Collected data:
________________

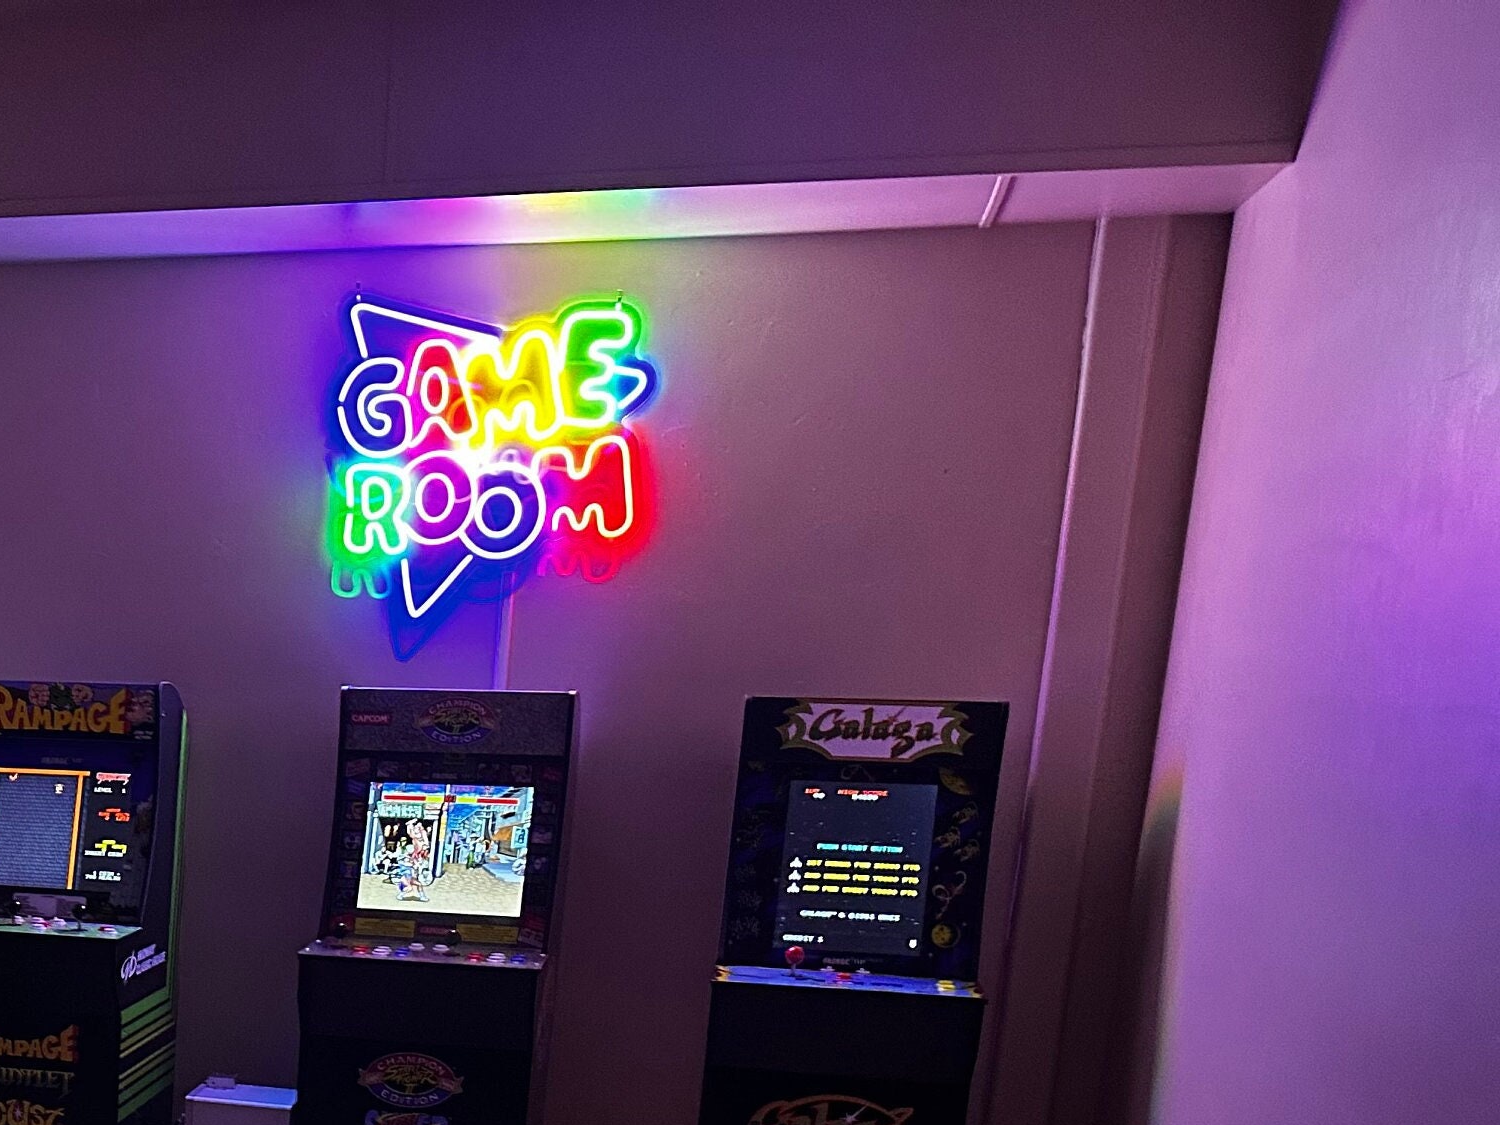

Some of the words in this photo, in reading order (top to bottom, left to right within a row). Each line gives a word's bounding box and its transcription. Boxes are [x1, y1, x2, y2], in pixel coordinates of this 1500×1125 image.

[337, 310, 634, 458] GAME
[343, 435, 634, 560] ROOM
[351, 714, 389, 723] CAPCOM
[431, 731, 482, 744] EDITION
[808, 706, 937, 758] Galaga
[377, 1056, 445, 1076] CHAMPION
[380, 1089, 439, 1105] EDITION

________________

Would you please set down the data above again exactly, without its pictures?

*RESPONSE FOR THIS EXERCISE:*
Some of the words in this photo, in reading order (top to bottom, left to right within a row). Each line gives a word's bounding box and its transcription. Boxes are [x1, y1, x2, y2], in pixel coordinates of this 1500×1125 image.

[337, 310, 634, 458] GAME
[343, 435, 634, 560] ROOM
[351, 714, 389, 723] CAPCOM
[431, 731, 482, 744] EDITION
[808, 706, 937, 758] Galaga
[377, 1056, 445, 1076] CHAMPION
[380, 1089, 439, 1105] EDITION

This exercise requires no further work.